### RECORDS SHOWN
--
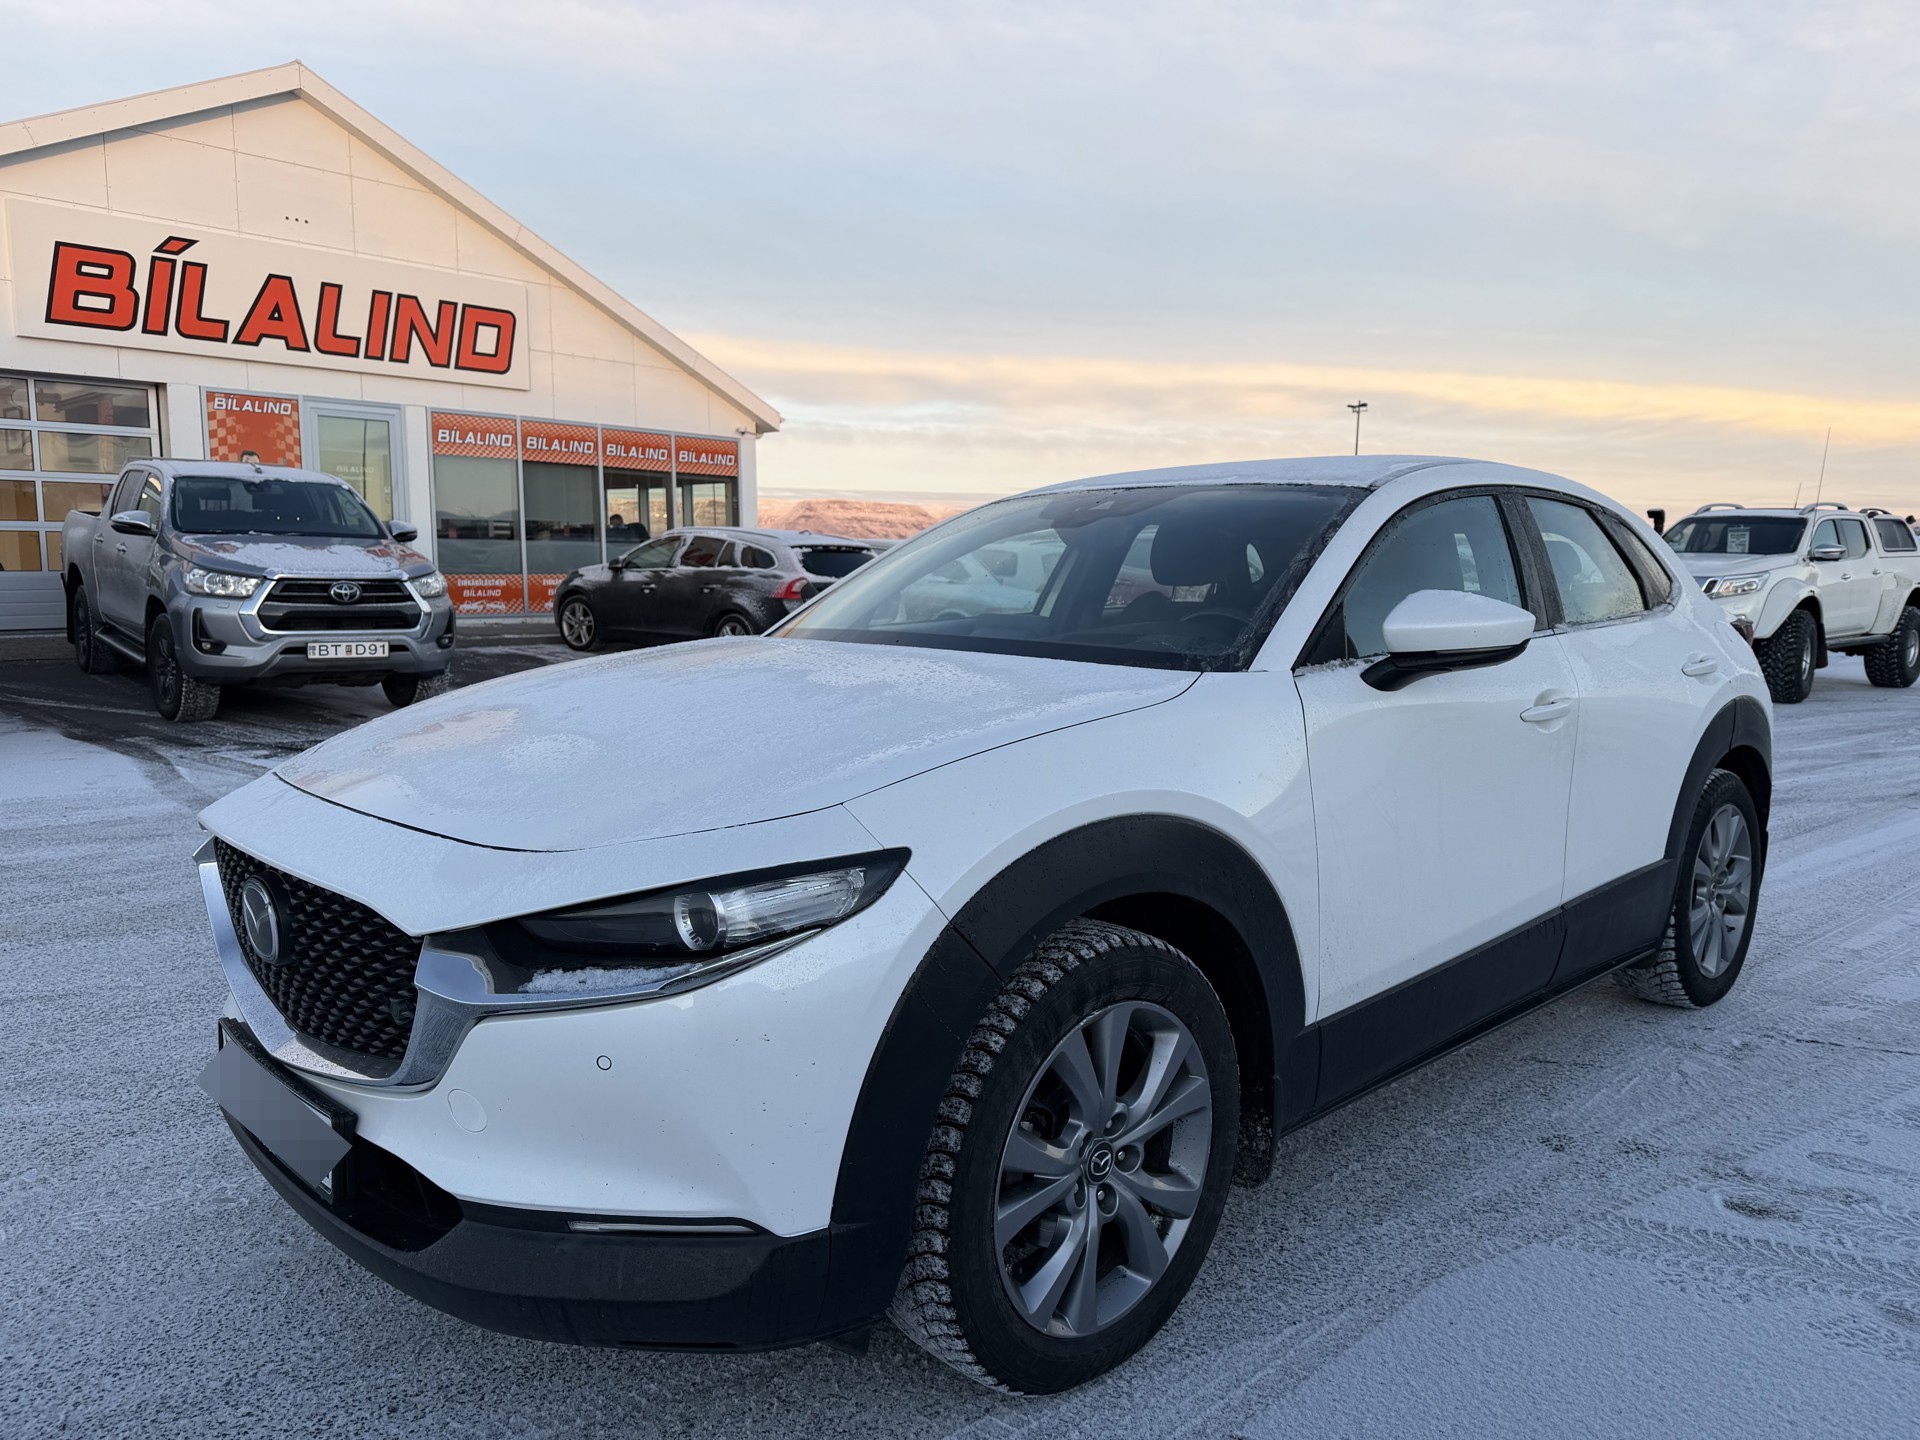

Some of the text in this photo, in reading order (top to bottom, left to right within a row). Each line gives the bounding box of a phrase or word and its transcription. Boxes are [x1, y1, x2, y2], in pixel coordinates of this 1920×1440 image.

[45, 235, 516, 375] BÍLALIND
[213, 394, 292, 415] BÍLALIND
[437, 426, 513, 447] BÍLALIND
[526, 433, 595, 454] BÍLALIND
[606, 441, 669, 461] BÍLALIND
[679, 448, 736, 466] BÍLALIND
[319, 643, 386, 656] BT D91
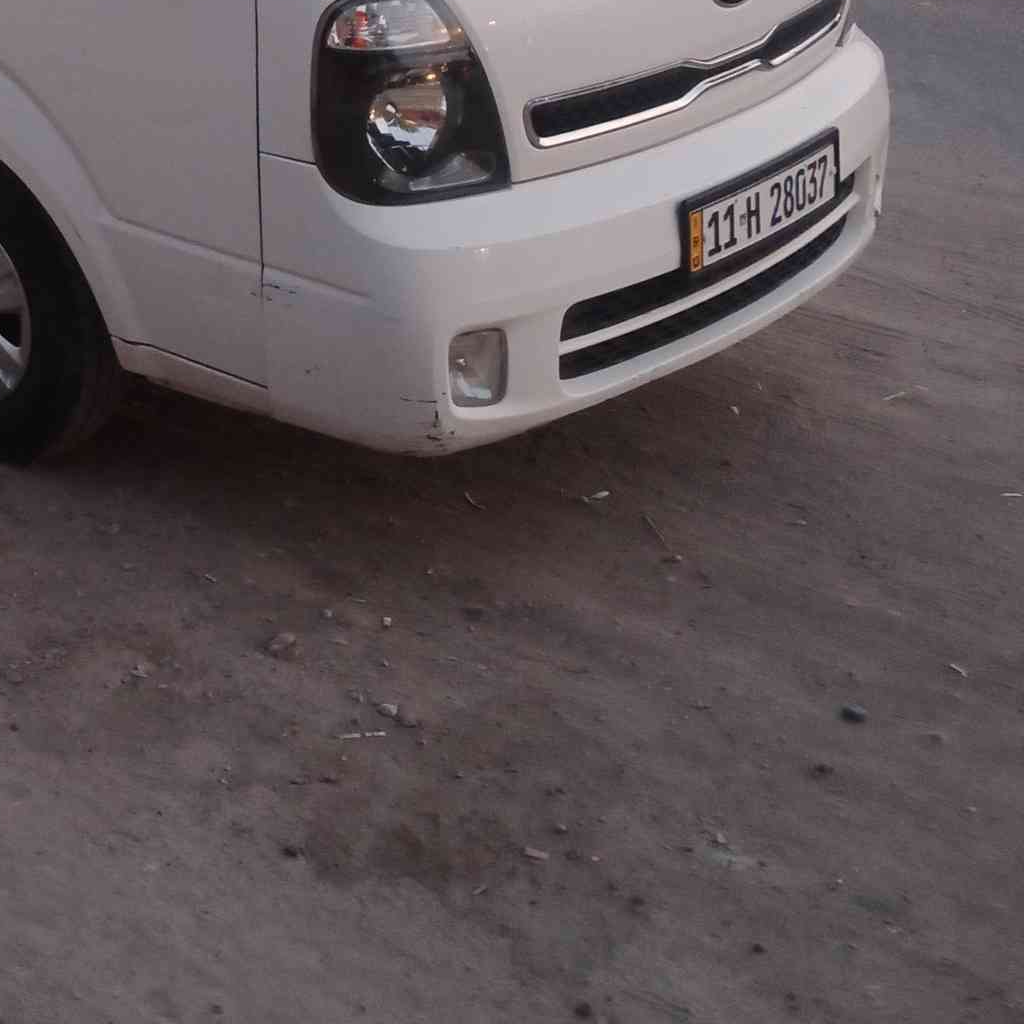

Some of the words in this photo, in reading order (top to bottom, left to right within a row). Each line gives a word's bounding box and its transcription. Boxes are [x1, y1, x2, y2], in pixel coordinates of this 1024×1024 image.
--
### WHAT THE EXERCISE ASKS
Without any of the pictures, set the entries down again exactly as written.

### EXERCISE SOLUTION
Some of the text in this photo, in reading order (top to bottom, left to right within a row). Each line gives the bounding box of a phrase or word and its transcription. Boxes are [x1, y1, x2, y2], in pixel coordinates of this 1920×1440 image.

[45, 235, 516, 375] BÍLALIND
[213, 394, 292, 415] BÍLALIND
[437, 426, 513, 447] BÍLALIND
[526, 433, 595, 454] BÍLALIND
[606, 441, 669, 461] BÍLALIND
[679, 448, 736, 466] BÍLALIND
[319, 643, 386, 656] BT D91

Some of the words in this photo, in reading order (top to bottom, left to right within a row). Each line gives a word's bounding box and its transcription. Boxes are [x1, y1, x2, y2], in pixel coordinates of this 1024×1024 image.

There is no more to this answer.